▸ What the exercise asks
Down to the last line below, repeat the entries word for word and drop the pictures.

▸ Listed records
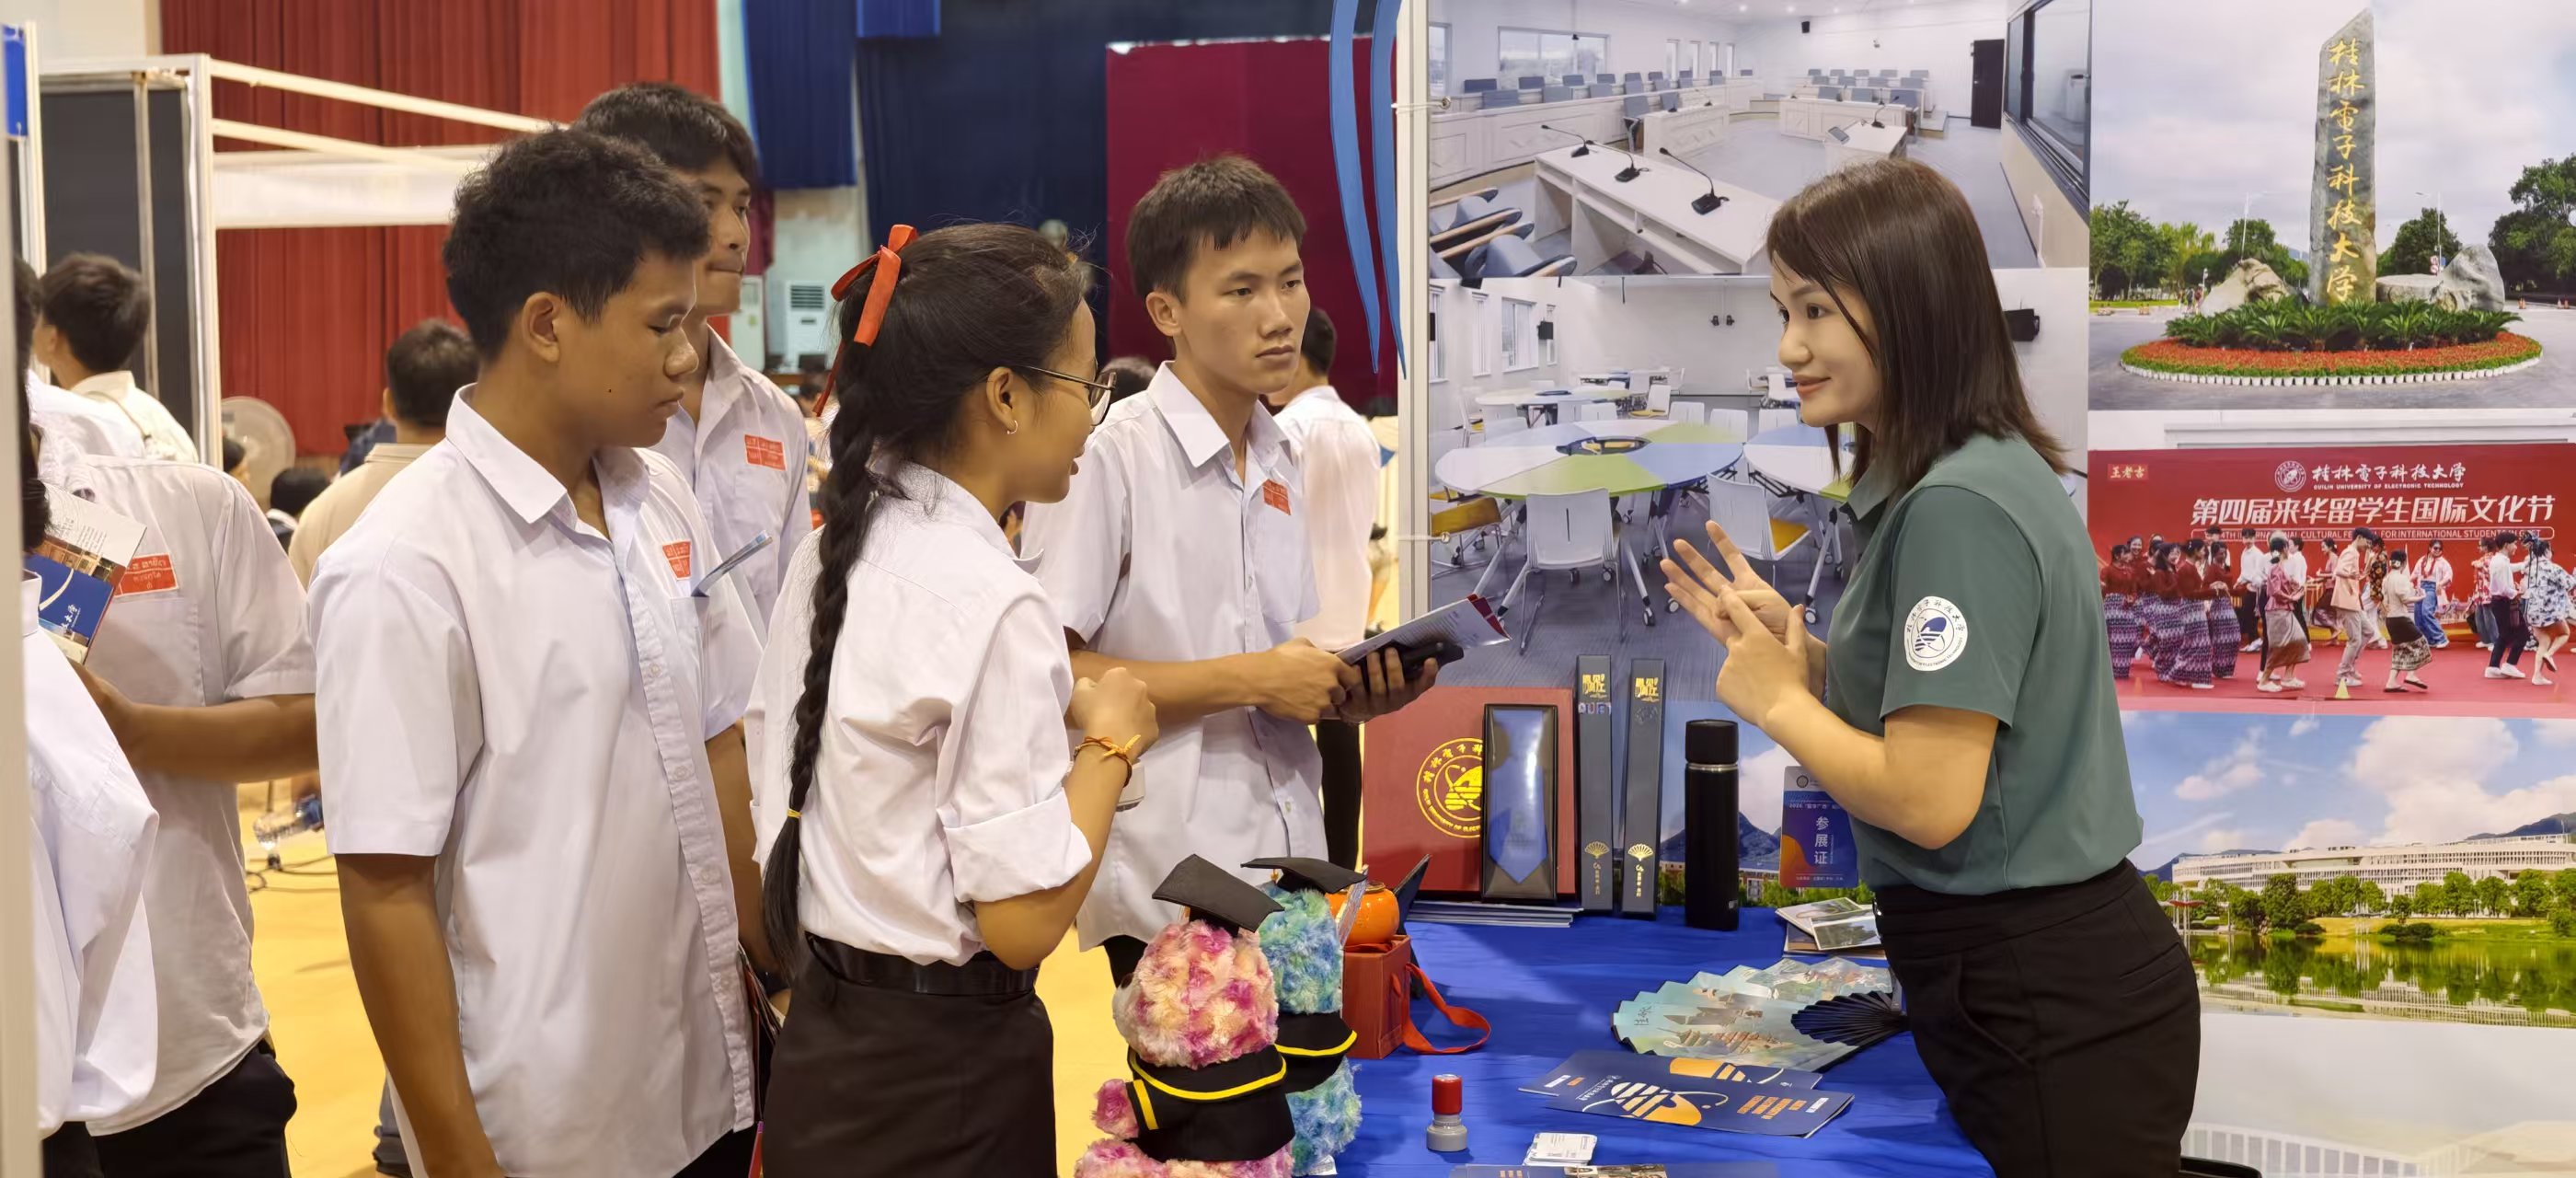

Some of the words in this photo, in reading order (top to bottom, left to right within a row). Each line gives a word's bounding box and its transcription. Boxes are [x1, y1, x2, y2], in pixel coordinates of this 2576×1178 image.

[2191, 494, 2556, 525] 第四届来华留学生国际文化节
[2300, 530, 2342, 538] CULTURAL
[2380, 530, 2397, 538] FOR
[2398, 529, 2461, 538] INTERNATIONAL
[1814, 815, 1830, 865] 参展证
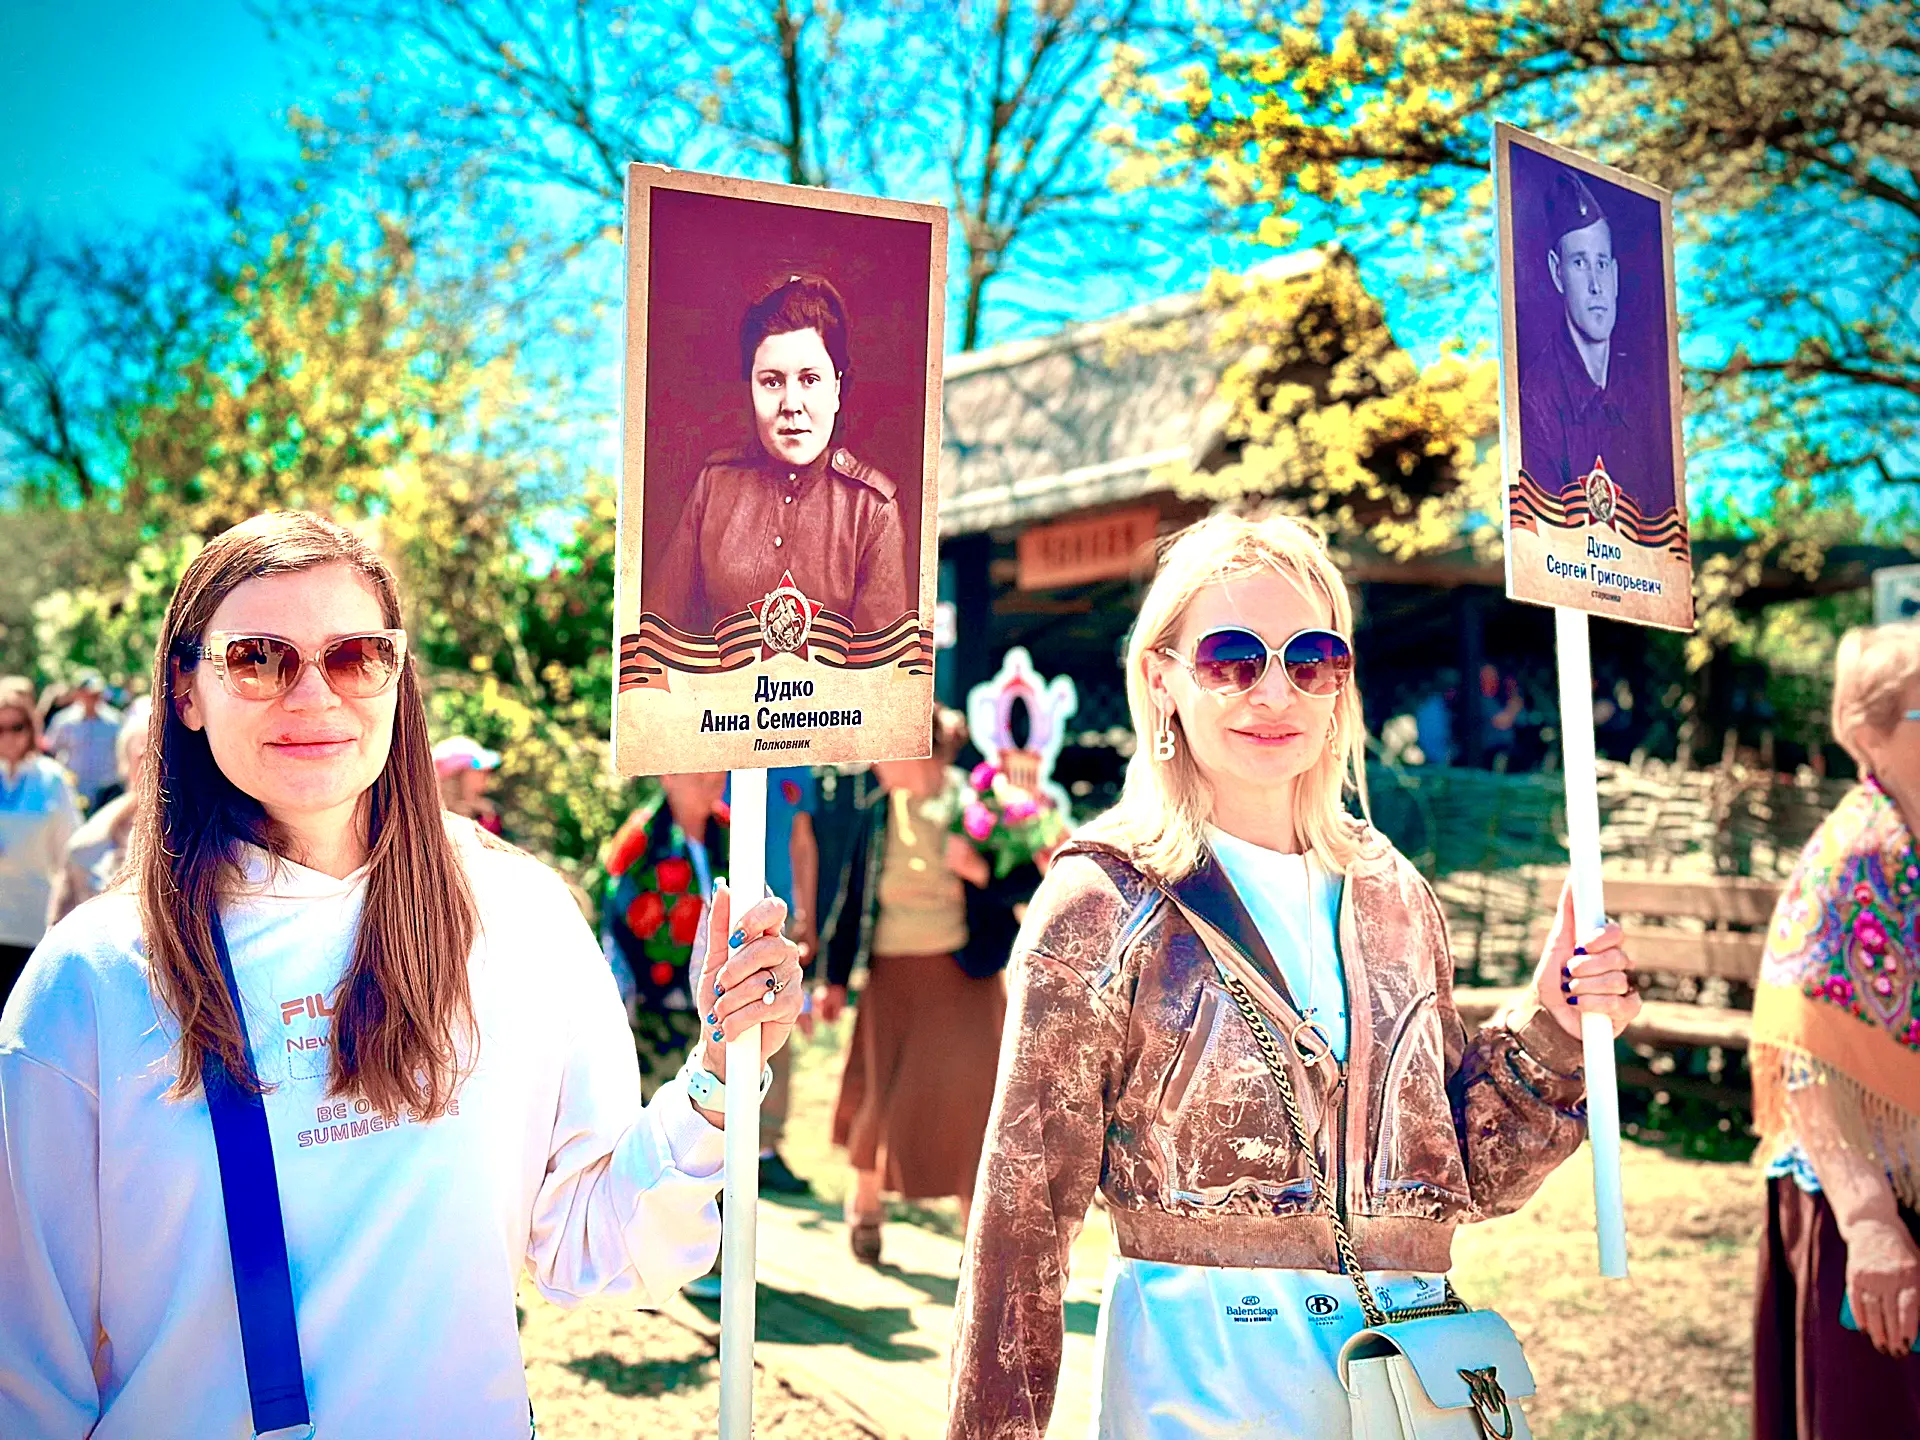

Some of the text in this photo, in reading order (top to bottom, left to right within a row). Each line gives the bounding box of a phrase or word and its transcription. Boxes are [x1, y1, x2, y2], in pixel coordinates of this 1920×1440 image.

[1587, 536, 1621, 560] Дудко
[1546, 555, 1662, 595] Сергей Григорьевич
[754, 676, 814, 703] Дудко
[700, 708, 862, 733] Анна Семеновна
[753, 738, 811, 752] Полковник
[280, 993, 337, 1026] FIL
[297, 1100, 460, 1148] SUMMER SDE
[317, 1103, 347, 1123] BE
[1226, 1305, 1279, 1317] Balenciaga

▸ Solution for this exercise
Some of the words in this photo, in reading order (top to bottom, left to right within a row). Each line gives a word's bounding box and its transcription. Boxes are [x1, y1, x2, y2], in pixel coordinates of this 2576×1178 image.

[2191, 494, 2556, 525] 第四届来华留学生国际文化节
[2300, 530, 2342, 538] CULTURAL
[2380, 530, 2397, 538] FOR
[2398, 529, 2461, 538] INTERNATIONAL
[1814, 815, 1830, 865] 参展证

Some of the text in this photo, in reading order (top to bottom, left to right within a row). Each line gives the bounding box of a phrase or word and its transcription. Boxes are [x1, y1, x2, y2], in pixel coordinates of this 1920×1440 image.

[1587, 536, 1621, 560] Дудко
[1546, 555, 1662, 595] Сергей Григорьевич
[754, 676, 814, 703] Дудко
[700, 708, 862, 733] Анна Семеновна
[753, 738, 811, 752] Полковник
[280, 993, 337, 1026] FIL
[297, 1100, 460, 1148] SUMMER SDE
[317, 1103, 347, 1123] BE
[1226, 1305, 1279, 1317] Balenciaga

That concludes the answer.